Due to the increasing complexity of MSP compliance in all its facets—Section 111 reporting, MSAs, and conditional payment resolution—it is imperative to place great emphasis in this area of risk management and have best practices in place that are continually assessed and reevaluated. These best practices include, but are not limited to, having a well-defined, measurable program that addresses all aspects of Medicare compliance. When your organization has this, the interconnectivity of these components becomes readily apparent and allows for continual adjustment and refinement of benchmarks for your program.
Additionally, claims organizations should choose high-quality MSP vendor partners based on key performance indicators. Claims payers should request quarterly reports and measure and compare performance if there is more than one vendor. Regarding conditional payment services, consider a provider’s responsiveness, turnaround time, success at each level of appeal, and quality of documentation. It is critical that a vendor has legal staff to make appropriate arguments, especially at the administrative law judge level and beyond.
Lastly, data integrity in Medicare Section 111 reporting is critical to efficient and timely conditional payment resolution. Having clear and reinforced protocols for ICD-10 code determination and updating ongoing responsibility for medicals and total payment obligation to claimant sets the bar high for MSP compliance.
Further, claims payers should establish clear protocols internally based on jurisdiction for resolution of traditional Medicare, MAP plans, and Part D. Claims payers should be proactive, not reactive. Start the conditional payment resolution early in the settlement process and do not accept that “zero claims paid” letter regarding traditional Medicare means there are no other conditional payments.
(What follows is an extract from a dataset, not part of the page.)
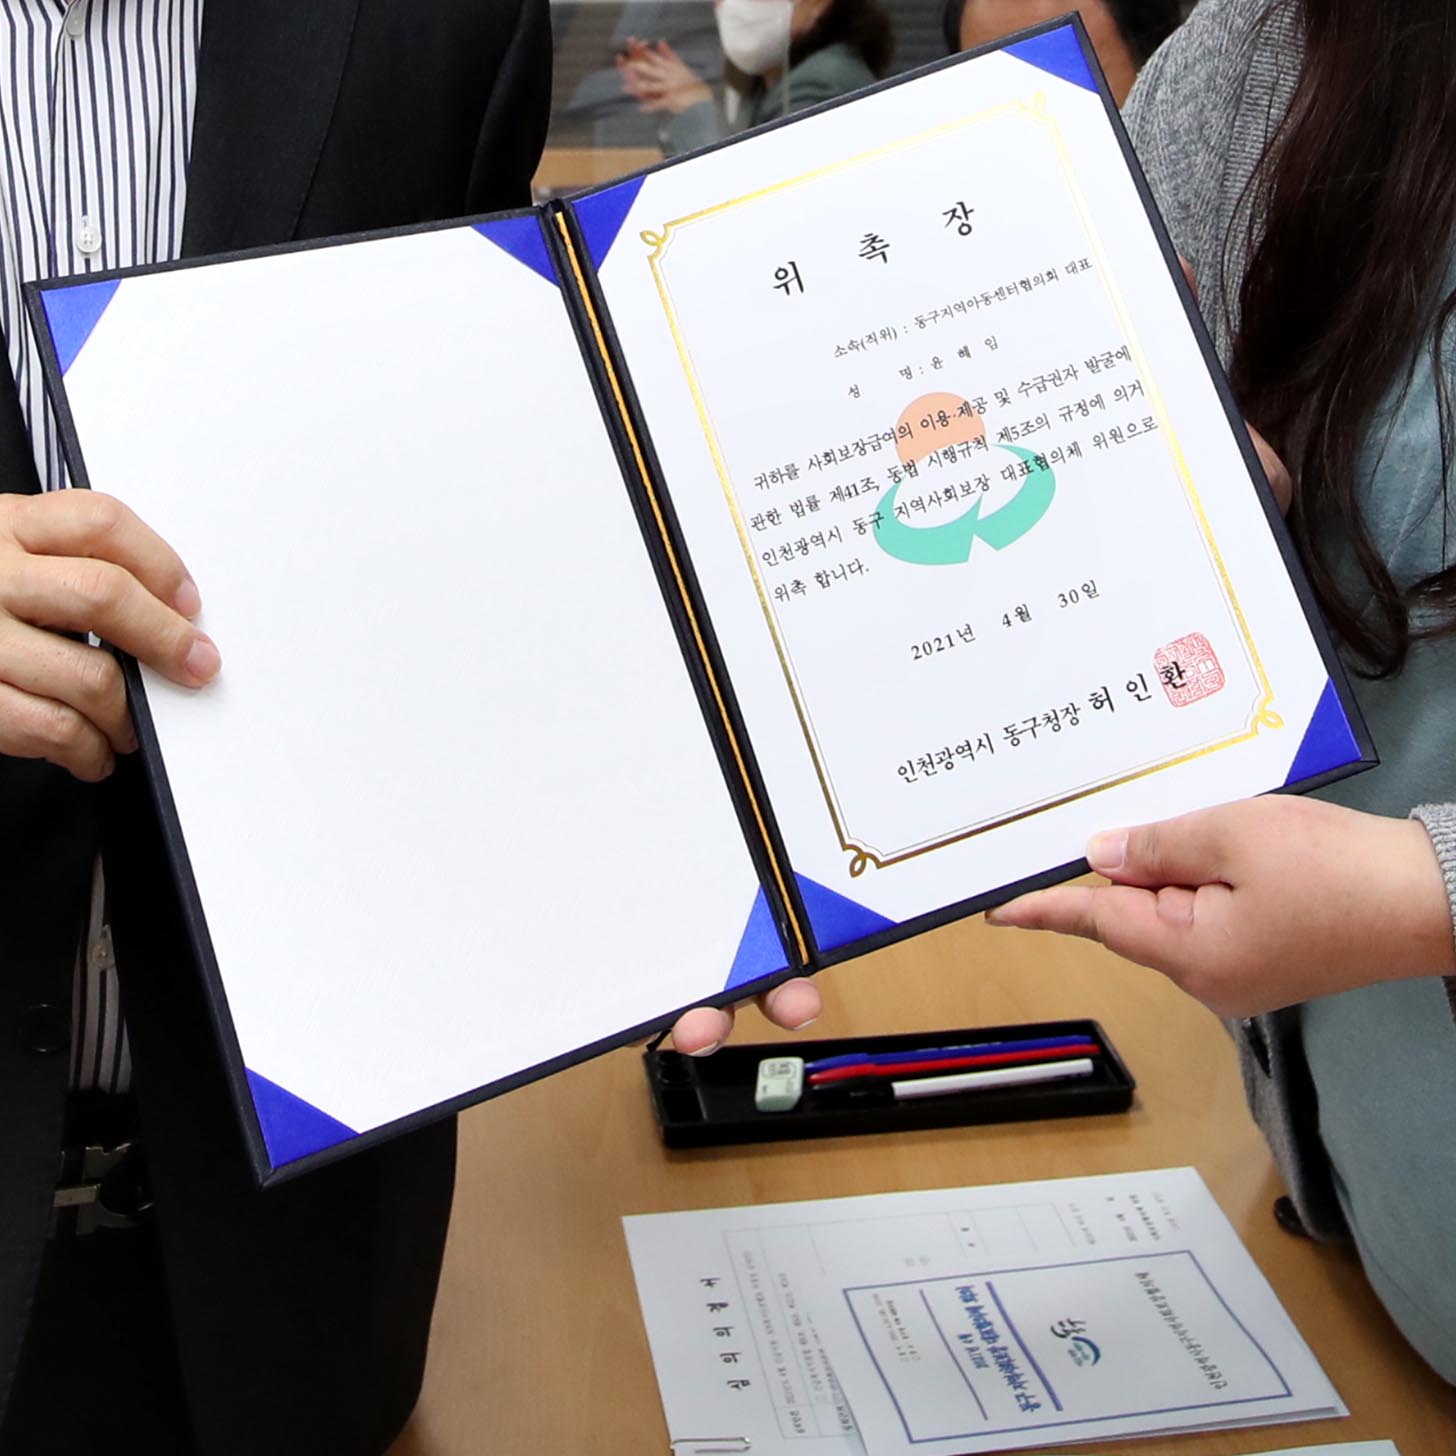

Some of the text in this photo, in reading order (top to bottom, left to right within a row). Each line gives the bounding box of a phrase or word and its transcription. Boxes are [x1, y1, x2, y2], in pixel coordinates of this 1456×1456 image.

Claims payers and/or their MSP vendor should put MAP plans on notice early.
Working together with a plaintiff’s attorney, if necessary—especially in liability claims—is critical. This process should not be adversarial, as it benefits everyone but especially the beneficiary. Ensure that claims notes show a clear paper trail on conditional payment resolution efforts and by whom and ensure that you obtain copies of all correspondence from CMS. Don’t close your file until you have a copy of the final demand in it and documentation that the case is fully resolved.